Content starts
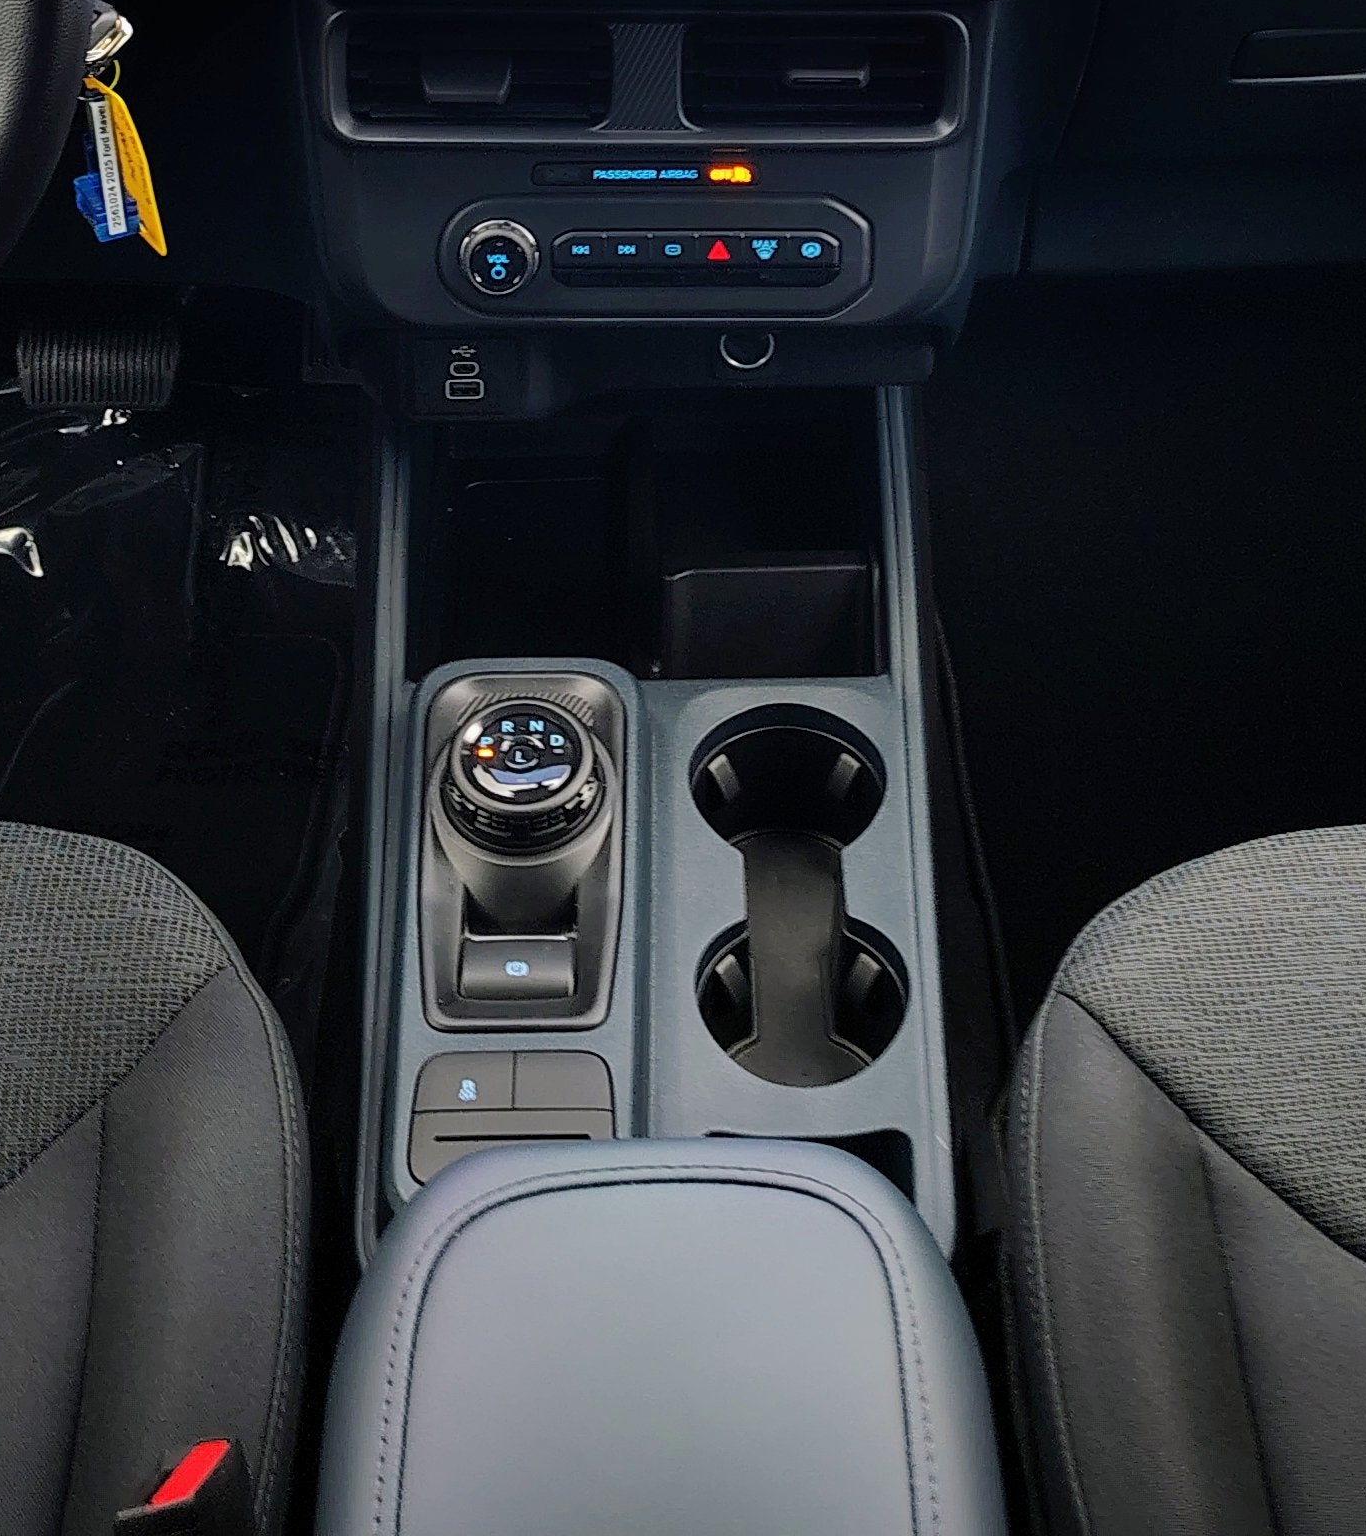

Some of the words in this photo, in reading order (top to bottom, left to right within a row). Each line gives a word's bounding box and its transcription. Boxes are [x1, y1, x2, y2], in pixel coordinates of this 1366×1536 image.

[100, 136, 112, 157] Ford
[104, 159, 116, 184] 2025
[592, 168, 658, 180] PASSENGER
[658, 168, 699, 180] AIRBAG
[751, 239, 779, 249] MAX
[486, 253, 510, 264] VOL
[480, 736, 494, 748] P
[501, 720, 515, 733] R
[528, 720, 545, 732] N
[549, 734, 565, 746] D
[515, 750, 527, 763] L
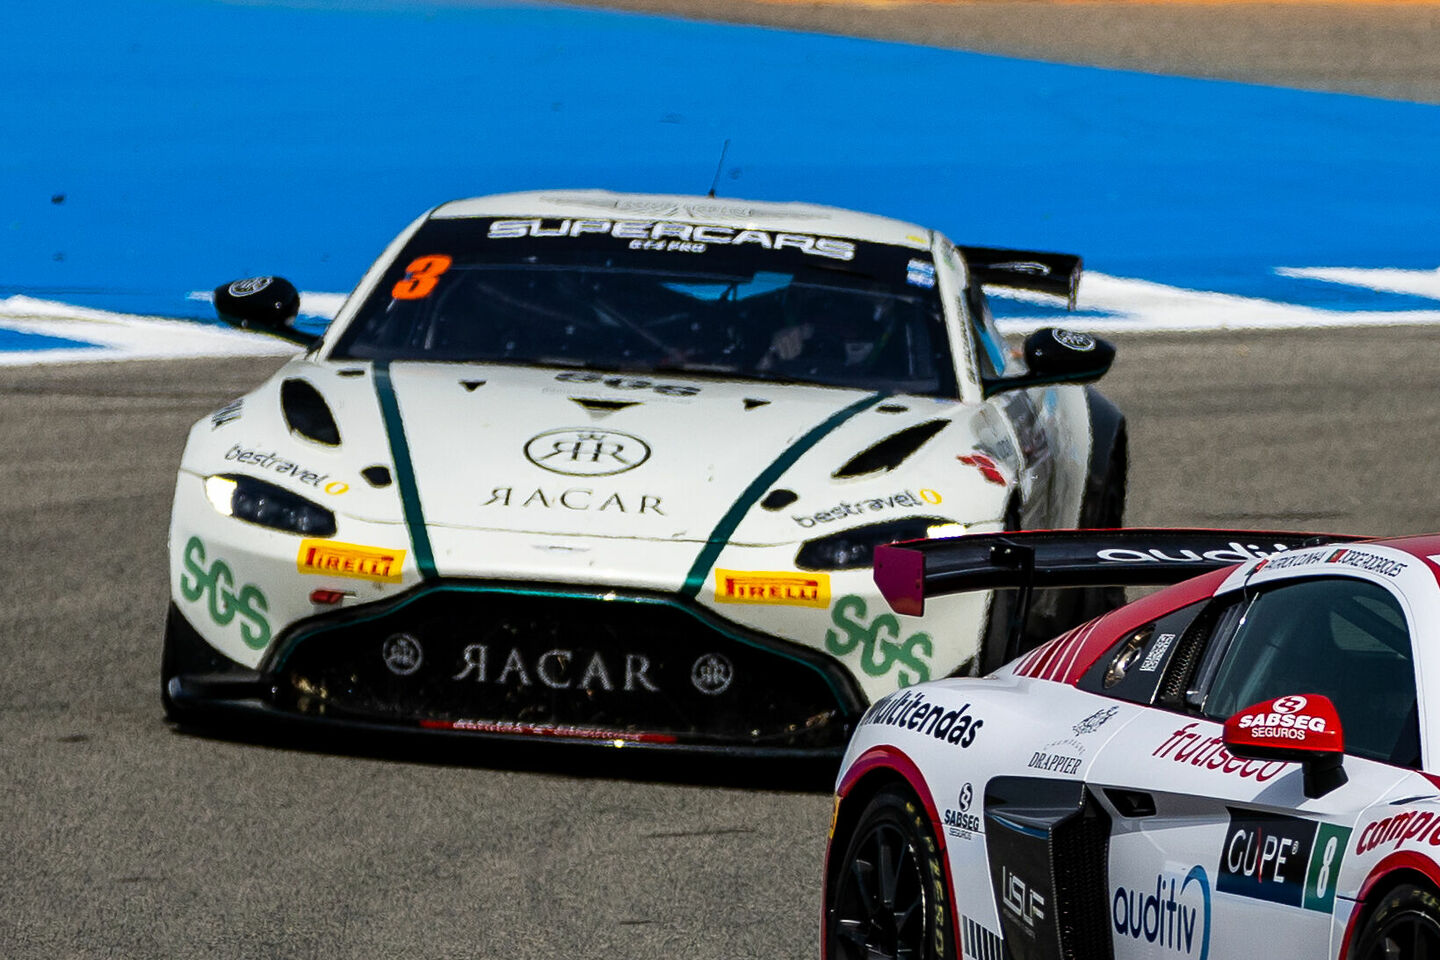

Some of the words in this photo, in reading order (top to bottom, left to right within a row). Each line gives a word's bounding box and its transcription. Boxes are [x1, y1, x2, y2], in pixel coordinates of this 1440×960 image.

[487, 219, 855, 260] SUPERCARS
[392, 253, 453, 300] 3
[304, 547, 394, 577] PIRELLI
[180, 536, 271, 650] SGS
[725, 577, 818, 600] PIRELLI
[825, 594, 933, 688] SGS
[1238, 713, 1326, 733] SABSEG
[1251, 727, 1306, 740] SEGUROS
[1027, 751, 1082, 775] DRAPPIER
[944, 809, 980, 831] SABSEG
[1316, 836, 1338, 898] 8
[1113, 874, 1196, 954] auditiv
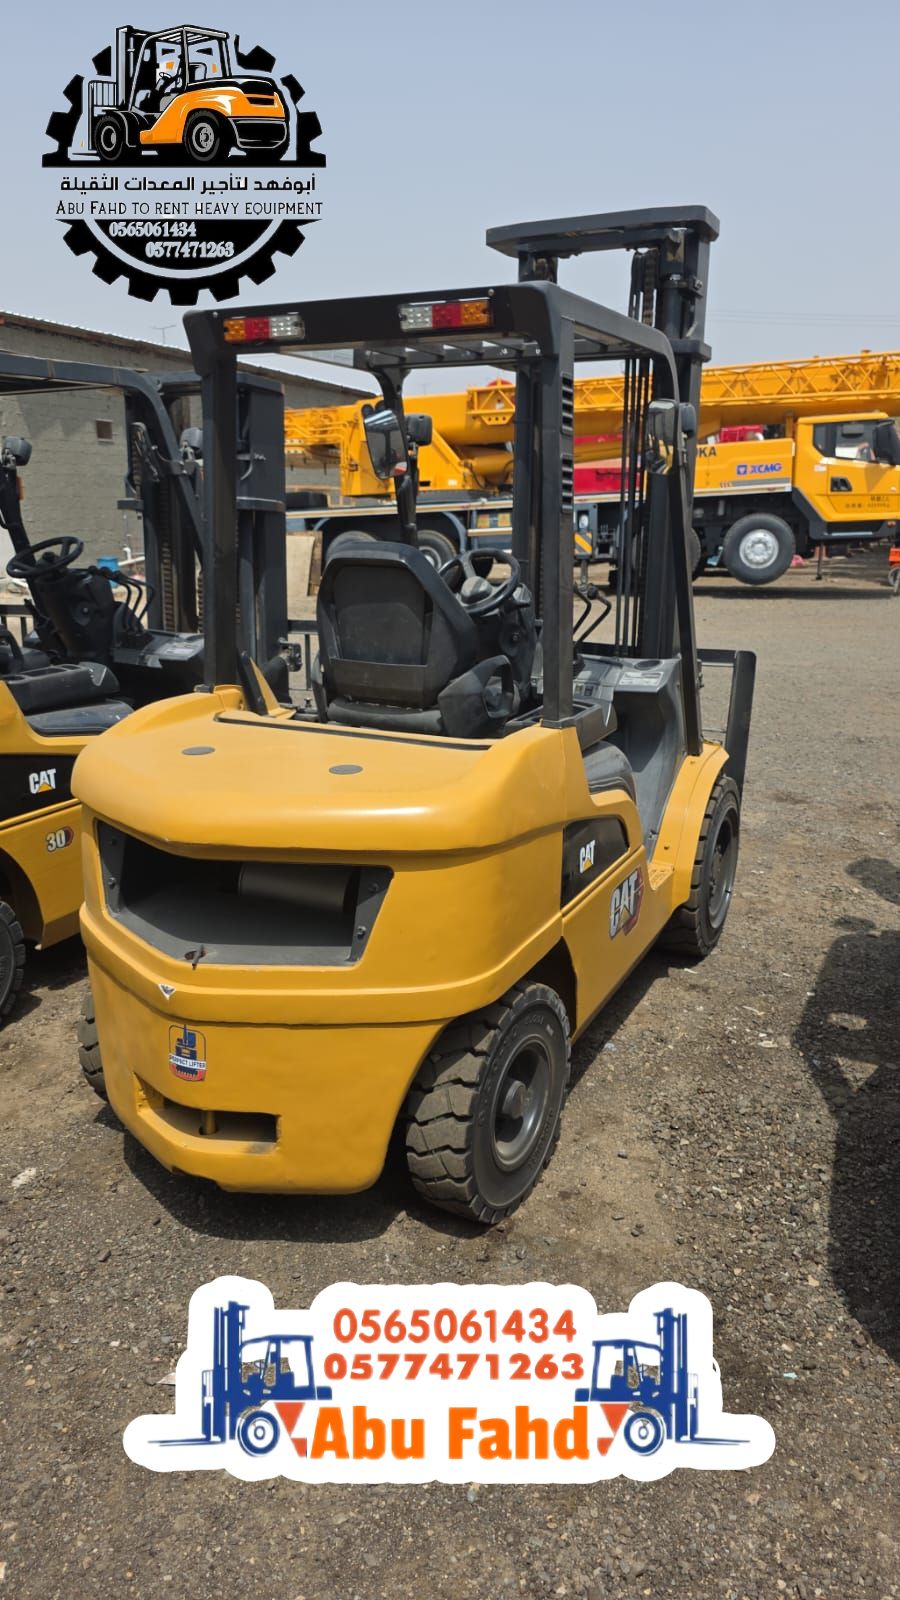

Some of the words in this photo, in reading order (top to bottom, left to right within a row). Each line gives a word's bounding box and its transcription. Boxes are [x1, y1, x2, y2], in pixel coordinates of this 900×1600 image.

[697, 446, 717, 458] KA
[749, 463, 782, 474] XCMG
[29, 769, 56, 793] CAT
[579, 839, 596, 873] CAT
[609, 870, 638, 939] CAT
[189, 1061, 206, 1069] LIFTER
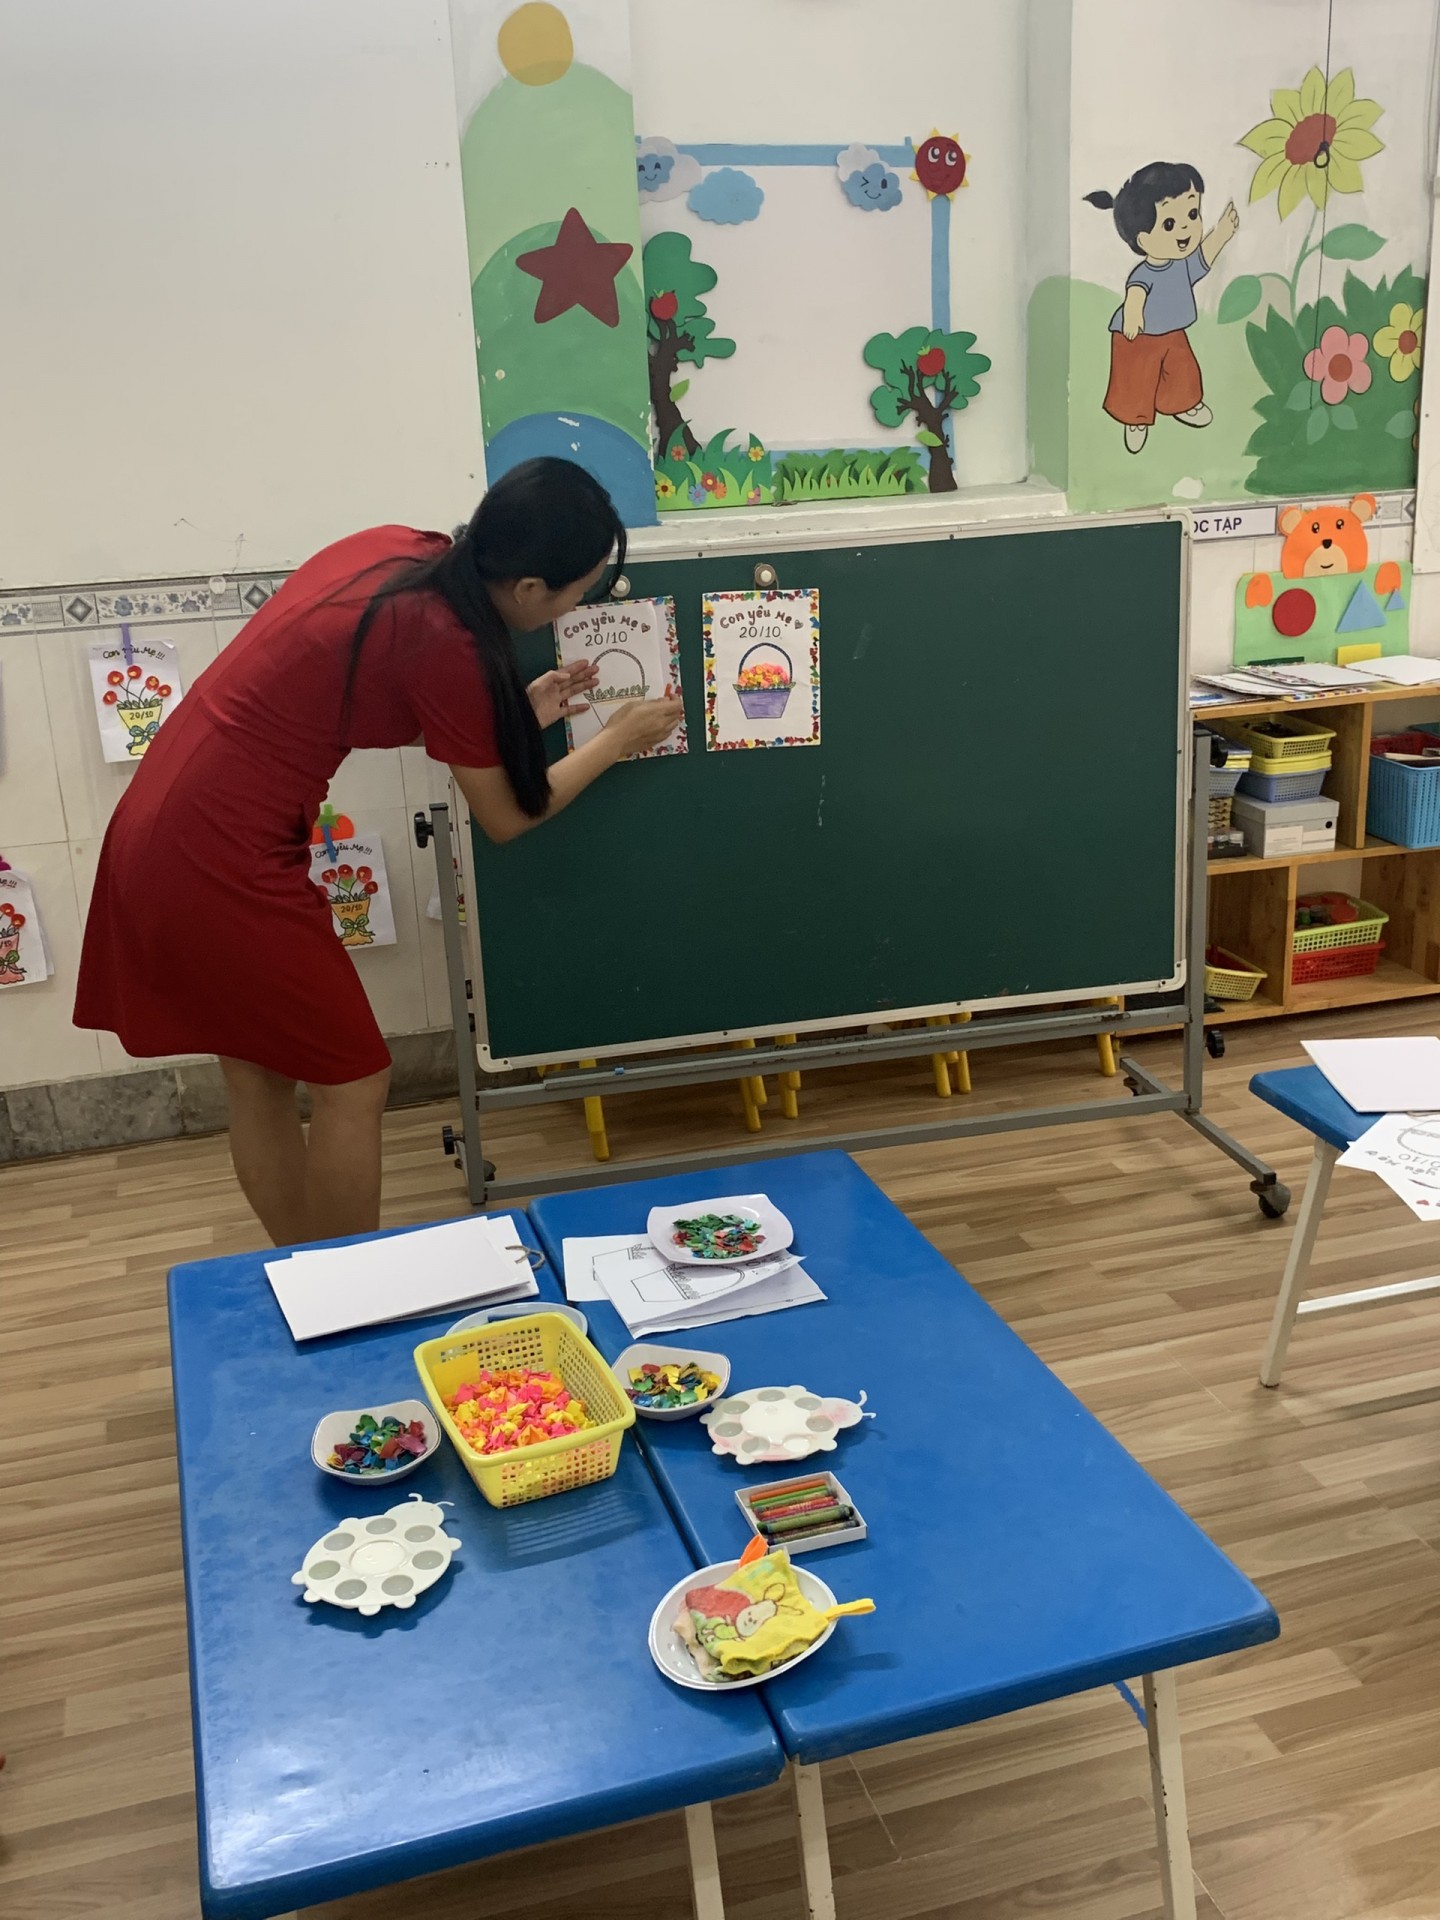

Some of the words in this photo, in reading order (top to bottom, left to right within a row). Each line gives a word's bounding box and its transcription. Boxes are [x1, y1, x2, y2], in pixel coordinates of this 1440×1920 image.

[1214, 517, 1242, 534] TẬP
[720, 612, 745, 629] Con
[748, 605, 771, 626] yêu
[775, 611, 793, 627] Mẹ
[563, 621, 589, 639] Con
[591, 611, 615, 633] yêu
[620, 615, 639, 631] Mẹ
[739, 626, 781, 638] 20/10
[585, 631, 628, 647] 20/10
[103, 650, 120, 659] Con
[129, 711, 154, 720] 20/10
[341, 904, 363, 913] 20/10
Content ends
> **What you are asked to do**: Exactly the lines from the one containing "this 1440×1920 image." through the last line of the material above are to be returned, with nothing else.

> **Answer for the task**:
Some of the words in this photo, in reading order (top to bottom, left to right within a row). Each line gives a word's bounding box and its transcription. Boxes are [x1, y1, x2, y2], in pixel coordinates of this 1440×1920 image.

[1214, 517, 1242, 534] TẬP
[720, 612, 745, 629] Con
[748, 605, 771, 626] yêu
[775, 611, 793, 627] Mẹ
[563, 621, 589, 639] Con
[591, 611, 615, 633] yêu
[620, 615, 639, 631] Mẹ
[739, 626, 781, 638] 20/10
[585, 631, 628, 647] 20/10
[103, 650, 120, 659] Con
[129, 711, 154, 720] 20/10
[341, 904, 363, 913] 20/10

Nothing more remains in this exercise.